Task brief:
Your copy must hold all of the data below, unchanged and without images.

Provided records:
───

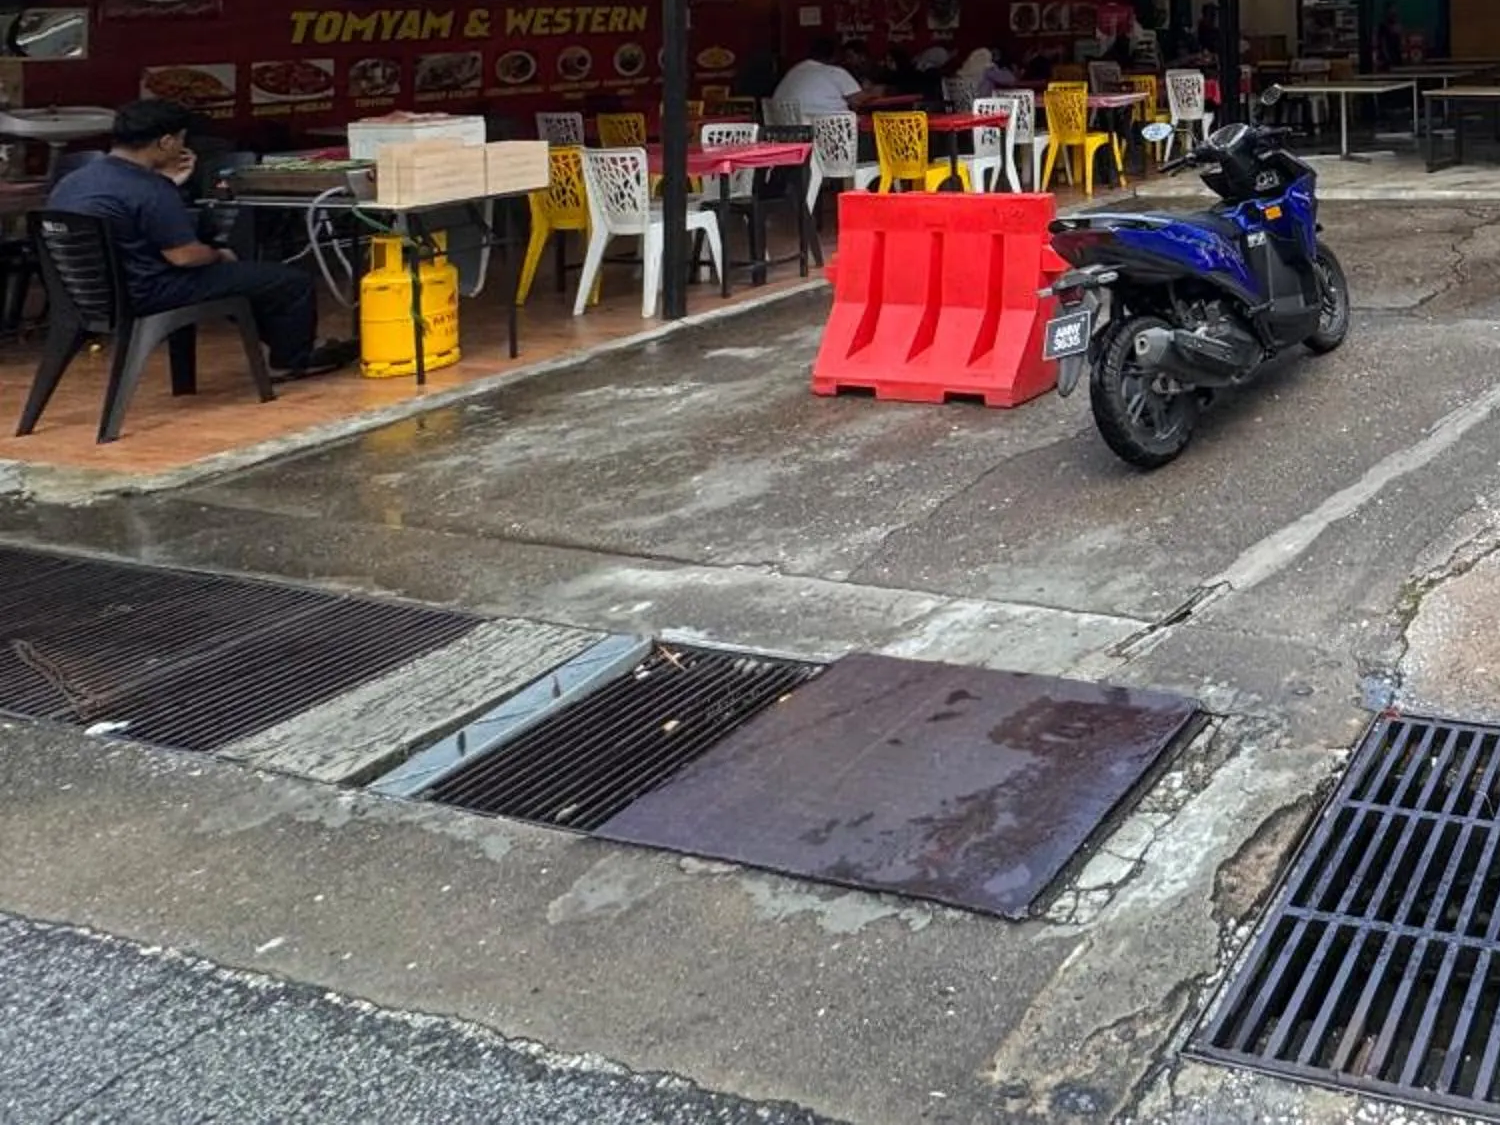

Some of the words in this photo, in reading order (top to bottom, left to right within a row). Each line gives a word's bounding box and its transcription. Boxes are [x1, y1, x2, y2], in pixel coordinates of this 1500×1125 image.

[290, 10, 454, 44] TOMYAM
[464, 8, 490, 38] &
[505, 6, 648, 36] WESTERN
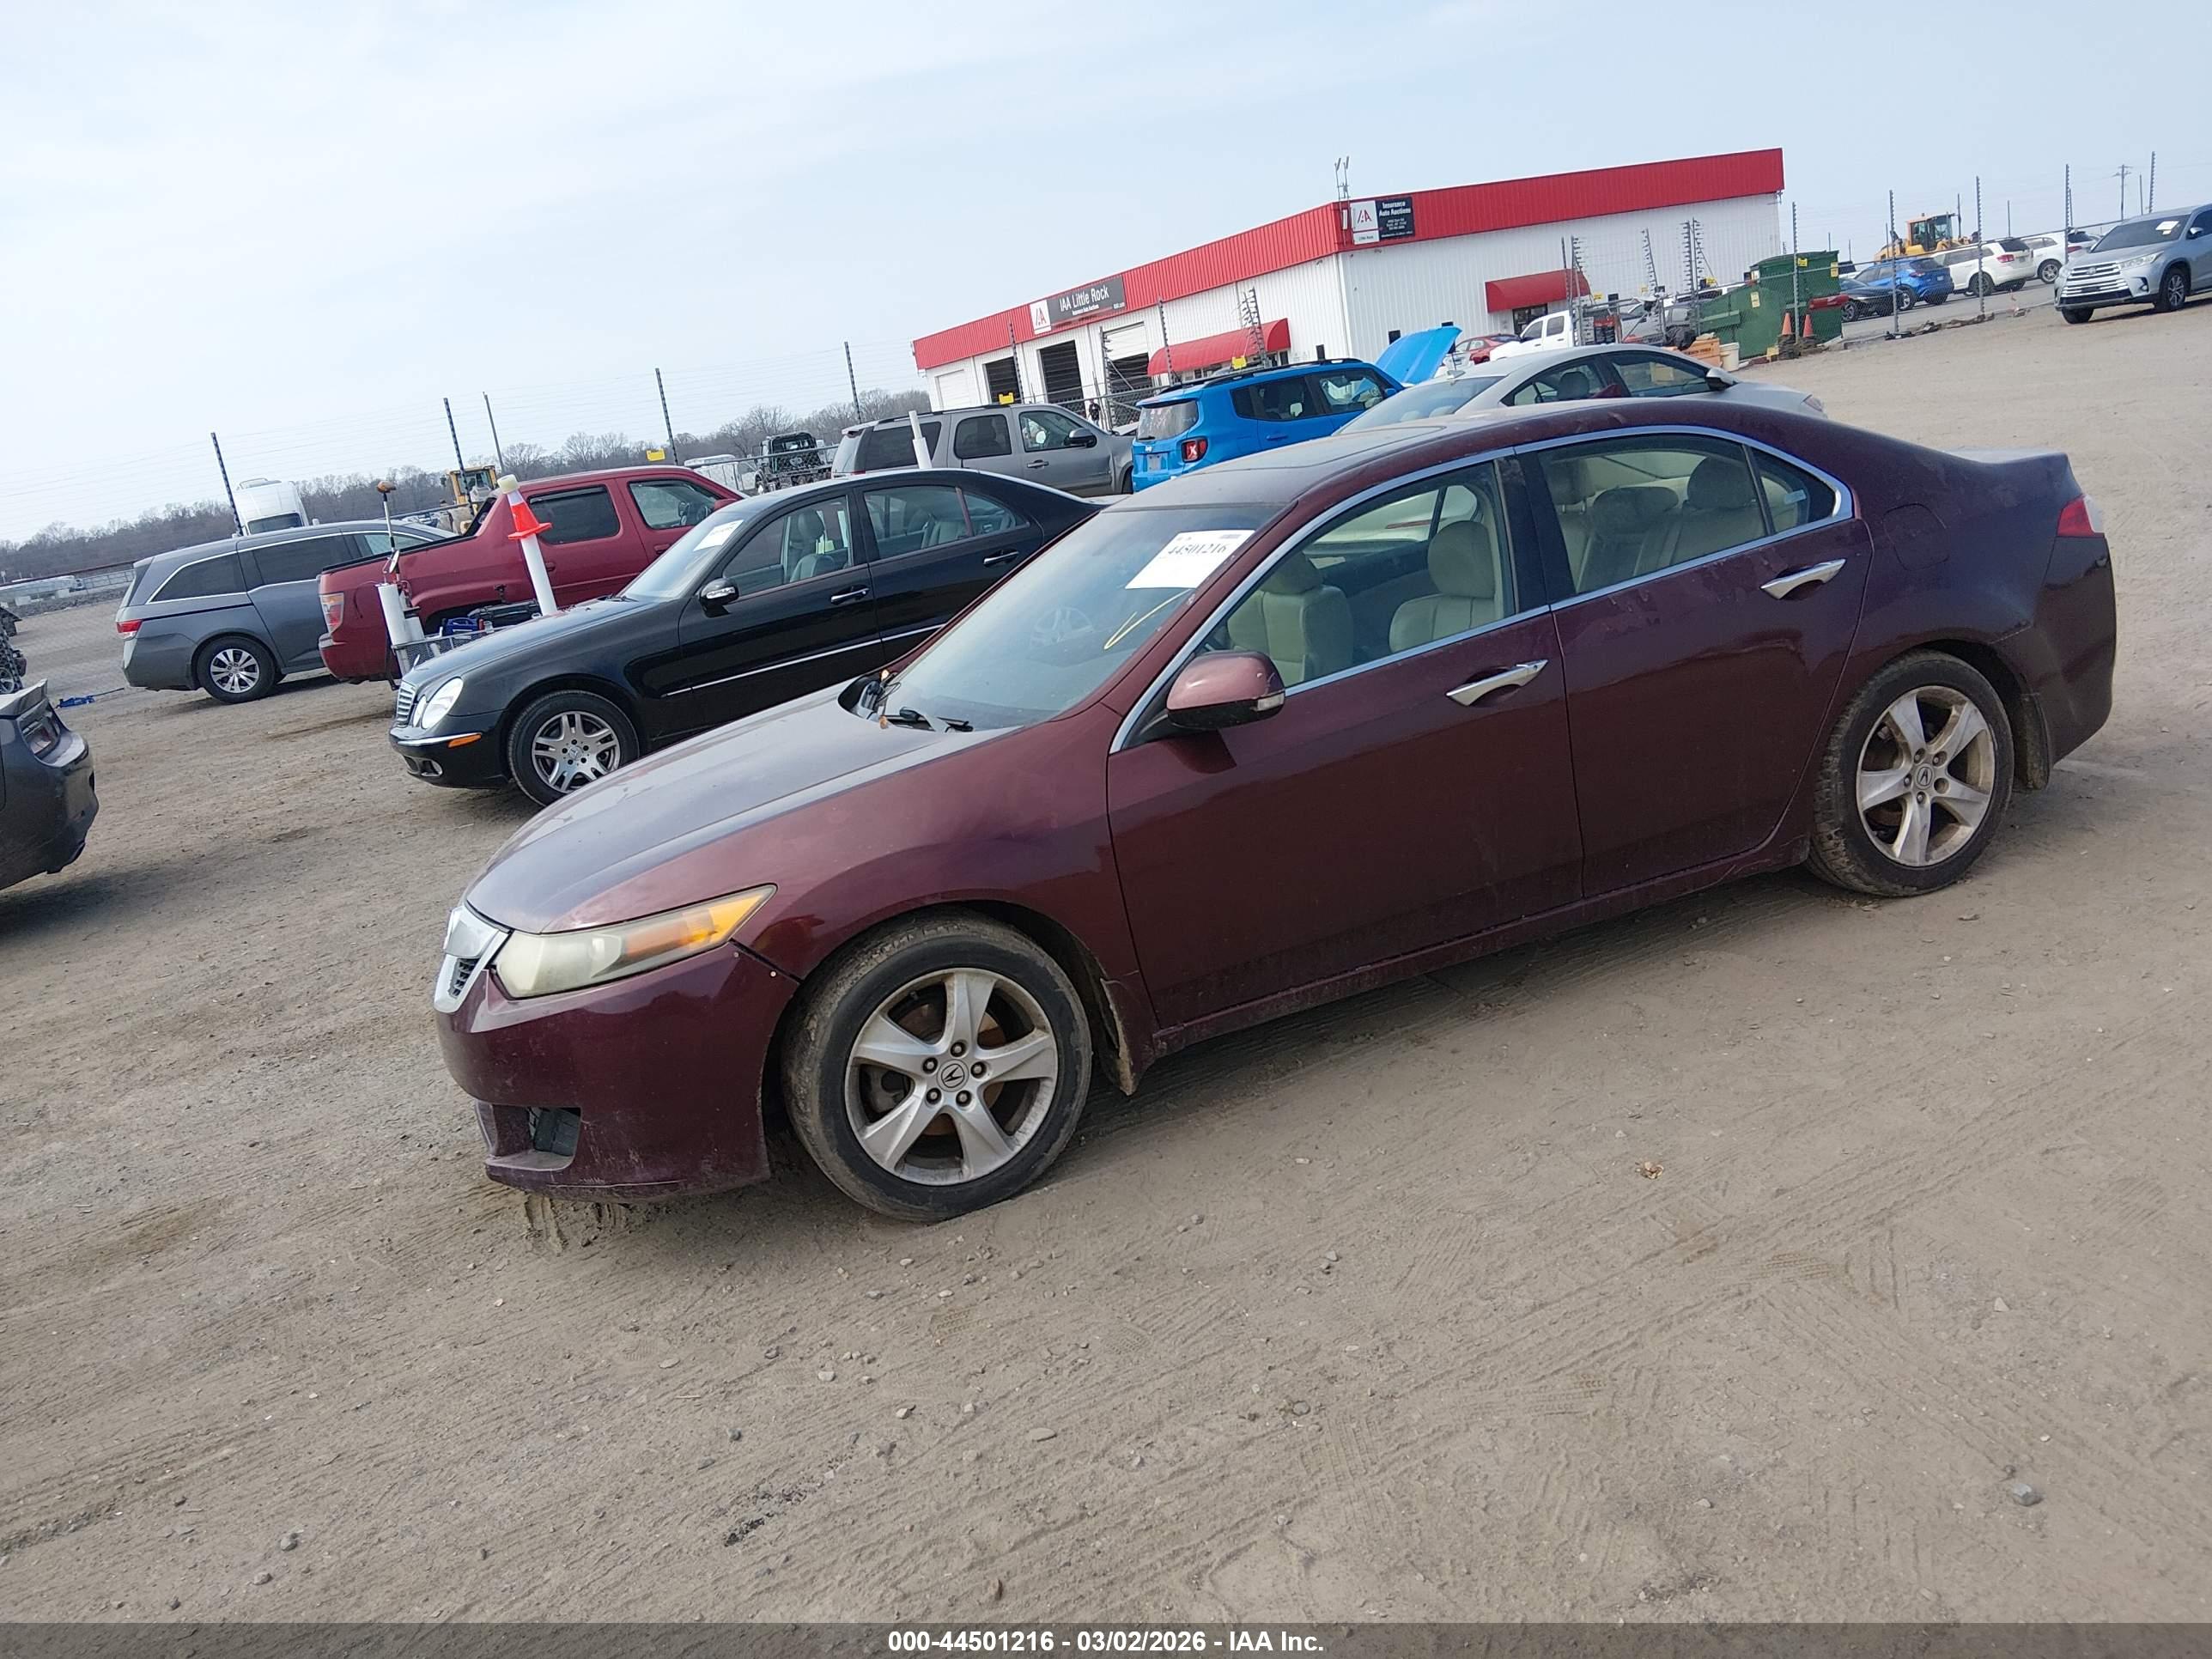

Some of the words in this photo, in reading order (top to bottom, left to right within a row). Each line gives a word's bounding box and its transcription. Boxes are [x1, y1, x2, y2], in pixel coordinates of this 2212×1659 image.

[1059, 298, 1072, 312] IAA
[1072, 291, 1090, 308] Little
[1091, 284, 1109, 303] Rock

───

Exercise solution:
Some of the words in this photo, in reading order (top to bottom, left to right within a row). Each line gives a word's bounding box and its transcription. Boxes are [x1, y1, x2, y2], in pixel coordinates of this 1500×1125 image.

[290, 10, 454, 44] TOMYAM
[464, 8, 490, 38] &
[505, 6, 648, 36] WESTERN

Some of the words in this photo, in reading order (top to bottom, left to right within a row). Each line gives a word's bounding box and its transcription. Boxes are [x1, y1, x2, y2], in pixel coordinates of this 2212×1659 image.

[1059, 298, 1072, 312] IAA
[1072, 291, 1090, 308] Little
[1091, 284, 1109, 303] Rock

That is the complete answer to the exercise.